I was at Virginia Tech last weekend as the visiting theologian [sponsored by Luther Memorial Lutheran Church], and I got to spend some time with the college students there. They were GREAT–mostly engineering majors, actually, with one interesting organic farmer-to-be and a few other majors, too–none religion. They all were very active in the campus ministry there, however, and they clearly had a great enthusiasm for the church. It was a delight to be with them; and since coming back to Gettysburg, I’ve been thinking even more than I usually do about what the church says about its own existence–not to mention the faith it proclaims and the One to whom it bears witness–to those who are what I might call “nontraditional” believers: people who live on the boundaries between faith and unbelief; people who spend most of their time with people who aren’t Christian and aren’t really interested in the church; people who go to church, but aren’t sure why much of the time. [Hmmm….doesn’t really sound so “nontraditional” when I describe it like that: this may well be the majority of people in mainline churches today.] Too often, the church seems to have precious little creativity, improvisational skill, humility and grace in its proclamation, choosing to repeat the same words, the same images, regardless of whether or not they actually convey how much Christ and the church [Christ’s body in the world] really matter in one’s own life, and in the life of the world. I don’t know whether we are lazy, arrogant or ignorant–probably all three.
In light of all that, I just started reading a great book called My Bright Abyss: Meditation of a Modern Believer, by Christian Wiman. It’s in the tradition of Anne Lamott, except Wiman is a poet, so it is more philosophical and tender; and he also has cancer, so it is more intense–at least, that’s what I think. Anyway, it’s really, really good–reflections on faith for exactly the folks I mentioned above [which, the more I think about it, is all of us]. Here are a few quotes, as food for thought–and here’s a link to an interview in The New York Times: http://artsbeat.blogs.nytimes.com/2013/04/10/jolts-from-life-christian-wiman-talks-about-my-bright-abyss/
“In fact, there is no way to ‘return to the faith of your childhood’, not really, not unless you’ve just woken up from a decades-long and absolutely literal coma. Faith is not some half-remembered country into which you come like a long-exiled king, dispensing the old wisdom, casting out the radical, insurrectionist aspects of yourself by which you’d been betrayed. No. Life is not an error, even when it is. That is to say, whatever faith you emerge with at the end of your life is going to be not simply affected by that life but intimately dependent upon it, for faith in God is, in the deepest sense, faith in life–which means that even the staunchest life of faith is a life of great change. It follows that if you believe at fifty what you believed at fifteen, then you have not lived–or have denied the reality of your life.”

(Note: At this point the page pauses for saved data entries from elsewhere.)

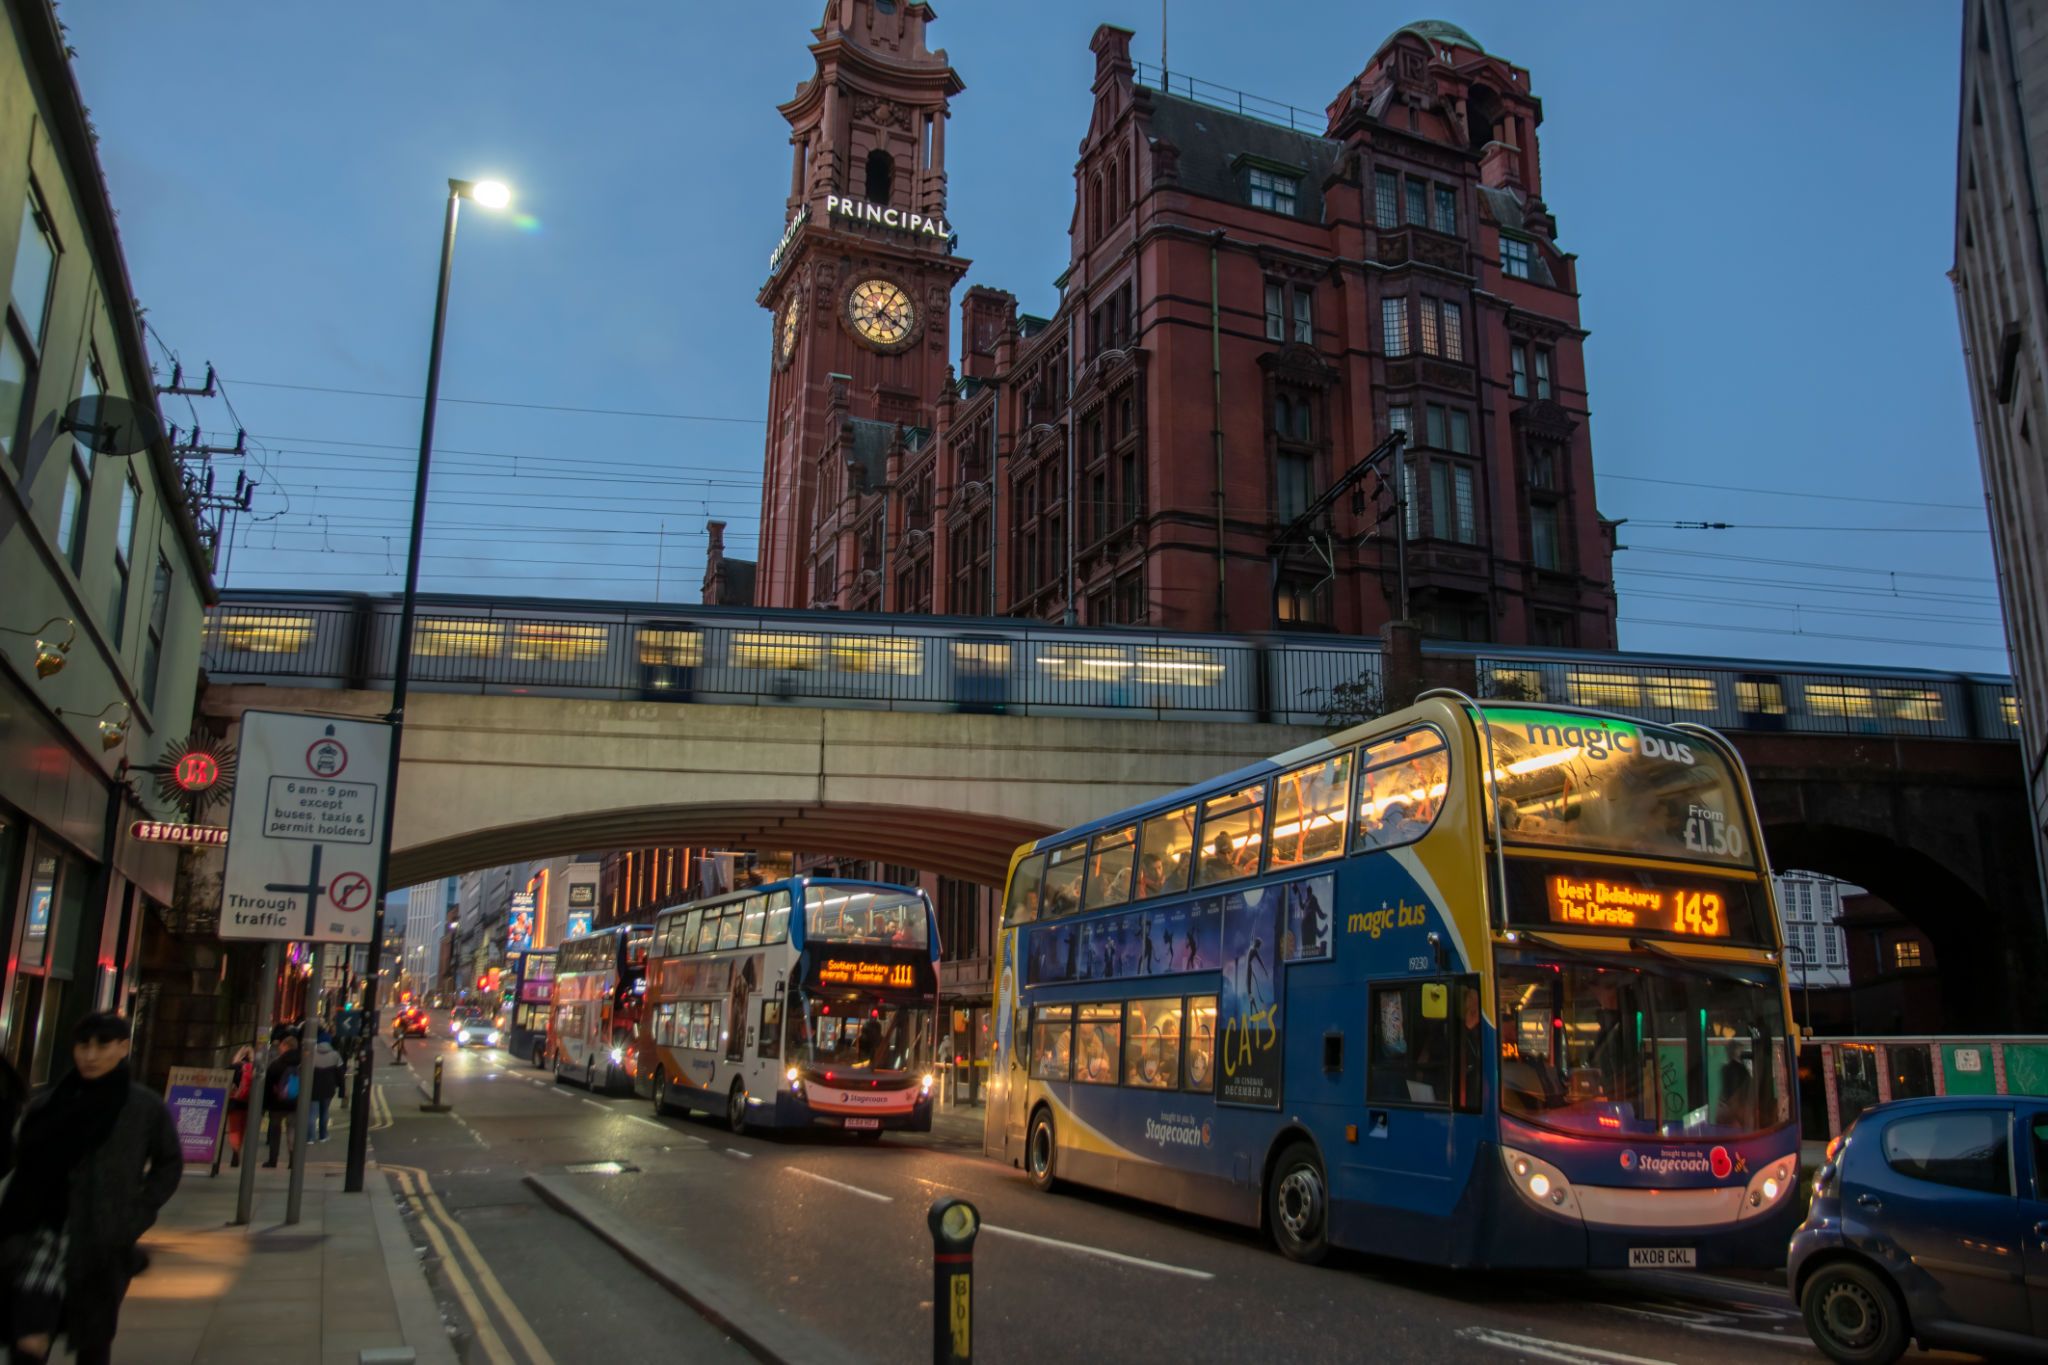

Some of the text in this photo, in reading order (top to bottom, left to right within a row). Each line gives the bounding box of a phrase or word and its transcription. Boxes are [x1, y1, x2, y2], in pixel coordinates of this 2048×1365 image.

[827, 195, 949, 238] PRINCIPAL
[770, 203, 807, 271] PRINCIPAL
[1525, 721, 1695, 765] magic bus
[287, 783, 295, 793] 6
[299, 785, 318, 794] am
[328, 786, 336, 796] 9
[338, 788, 358, 798] pm
[300, 798, 343, 810] except
[1688, 804, 1724, 822] From
[322, 811, 352, 822] taxis
[356, 814, 364, 823] &
[140, 824, 229, 843] REVOLUTIO
[271, 822, 366, 836] permit holders
[1683, 818, 1742, 858] £1.50
[229, 894, 296, 912] Through
[1556, 878, 1662, 911] West Didsbury
[235, 914, 288, 926] traffic
[1347, 899, 1426, 938] magic bus
[1560, 899, 1635, 924] The Christie
[1674, 891, 1720, 935] 143
[828, 960, 889, 974] Southern Cemetery
[895, 965, 912, 985] 111
[1224, 1004, 1278, 1077] CATS
[1225, 1085, 1272, 1098] DECEMBER 20
[1145, 1118, 1201, 1146] Stagecoach
[1639, 1155, 1709, 1174] Stagecoach
[1634, 1250, 1690, 1264] MX08 GKL

“Faith is not some hard, unchanging thing you cling to through the vicissitudes of life. Those who try to make it into this are destined to become brittle, shatterable creatures. Faith never grows harder, never so deviates from its nature and becomes actually destructive, than in the person who refuses to admit that faith is change. I don’t mean simply that faith changes (though there is that). I mean that just as any sense of divinity we have comes from the natural order of things–is in some ultimate sense within the natural order of things–so too faith is folded into change, is the mutable and messy process of our lives rather than any fixed, mental product.”
“I hear someone say on TV that one need only think of the million innocent children killed in the Holocaust to annihilate any notion of a benevolent God. True enough, I think, but that’s a straw god, and not the real one who felt every one of those deaths as his own.”
“To say that one must live in uncertainty doesn’t begin to get at the tenuous, precarious nature of faith. The minute you begin to speak with certitude about God, he is gone. We praise people for having strong faith, but strength is only one part of that physical metaphor: one also needs flexibility.”
Thank you for this. Something to check out. (I'm a staunch Anne Lamott fan). My reflection right now: Faith is undoubtedly a gift – an uncertain, unpredictable gift – like life itself. Faith leads us, not the other way around. Thus, the unpredictability. I'm amazed at where faith has led me in my lifetime. It is nice to read and reflect on faith in this earthy way.